* **WORK REQUEST**: All of the lines below should be output exactly as shown.

------------------------------------------------------------------------

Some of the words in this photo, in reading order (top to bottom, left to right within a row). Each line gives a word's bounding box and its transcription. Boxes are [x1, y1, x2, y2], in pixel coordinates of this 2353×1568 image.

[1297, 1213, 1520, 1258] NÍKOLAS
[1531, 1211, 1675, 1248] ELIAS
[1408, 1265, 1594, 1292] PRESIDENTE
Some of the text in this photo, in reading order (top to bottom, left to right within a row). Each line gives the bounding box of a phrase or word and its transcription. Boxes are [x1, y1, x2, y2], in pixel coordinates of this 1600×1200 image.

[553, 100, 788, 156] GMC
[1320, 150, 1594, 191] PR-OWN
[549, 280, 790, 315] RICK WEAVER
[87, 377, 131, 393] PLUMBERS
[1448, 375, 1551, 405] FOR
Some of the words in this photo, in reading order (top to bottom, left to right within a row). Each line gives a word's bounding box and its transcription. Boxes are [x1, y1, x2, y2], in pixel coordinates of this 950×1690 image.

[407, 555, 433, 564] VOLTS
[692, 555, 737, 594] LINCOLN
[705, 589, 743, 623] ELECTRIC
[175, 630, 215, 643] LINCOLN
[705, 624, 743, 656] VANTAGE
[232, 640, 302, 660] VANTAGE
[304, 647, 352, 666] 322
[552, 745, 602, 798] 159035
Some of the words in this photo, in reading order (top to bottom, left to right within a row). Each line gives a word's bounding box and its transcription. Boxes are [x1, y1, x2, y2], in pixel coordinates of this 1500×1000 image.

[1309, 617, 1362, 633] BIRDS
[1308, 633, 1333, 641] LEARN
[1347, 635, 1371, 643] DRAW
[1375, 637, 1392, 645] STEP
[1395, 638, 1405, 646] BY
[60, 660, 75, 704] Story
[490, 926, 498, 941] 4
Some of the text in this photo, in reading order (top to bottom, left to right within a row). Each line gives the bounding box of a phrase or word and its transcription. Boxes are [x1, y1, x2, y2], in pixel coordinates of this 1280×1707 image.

------------------------------------------------------------------------

* **EXPECTED OUTPUT**:
Some of the words in this photo, in reading order (top to bottom, left to right within a row). Each line gives a word's bounding box and its transcription. Boxes are [x1, y1, x2, y2], in pixel coordinates of this 2353×1568 image.

[1297, 1213, 1520, 1258] NÍKOLAS
[1531, 1211, 1675, 1248] ELIAS
[1408, 1265, 1594, 1292] PRESIDENTE
Some of the text in this photo, in reading order (top to bottom, left to right within a row). Each line gives the bounding box of a phrase or word and its transcription. Boxes are [x1, y1, x2, y2], in pixel coordinates of this 1600×1200 image.

[553, 100, 788, 156] GMC
[1320, 150, 1594, 191] PR-OWN
[549, 280, 790, 315] RICK WEAVER
[87, 377, 131, 393] PLUMBERS
[1448, 375, 1551, 405] FOR
Some of the words in this photo, in reading order (top to bottom, left to right within a row). Each line gives a word's bounding box and its transcription. Boxes are [x1, y1, x2, y2], in pixel coordinates of this 950×1690 image.

[407, 555, 433, 564] VOLTS
[692, 555, 737, 594] LINCOLN
[705, 589, 743, 623] ELECTRIC
[175, 630, 215, 643] LINCOLN
[705, 624, 743, 656] VANTAGE
[232, 640, 302, 660] VANTAGE
[304, 647, 352, 666] 322
[552, 745, 602, 798] 159035
Some of the words in this photo, in reading order (top to bottom, left to right within a row). Each line gives a word's bounding box and its transcription. Boxes are [x1, y1, x2, y2], in pixel coordinates of this 1500×1000 image.

[1309, 617, 1362, 633] BIRDS
[1308, 633, 1333, 641] LEARN
[1347, 635, 1371, 643] DRAW
[1375, 637, 1392, 645] STEP
[1395, 638, 1405, 646] BY
[60, 660, 75, 704] Story
[490, 926, 498, 941] 4
Some of the text in this photo, in reading order (top to bottom, left to right within a row). Each line gives the bounding box of a phrase or word and its transcription. Boxes are [x1, y1, x2, y2], in pixel coordinates of this 1280×1707 image.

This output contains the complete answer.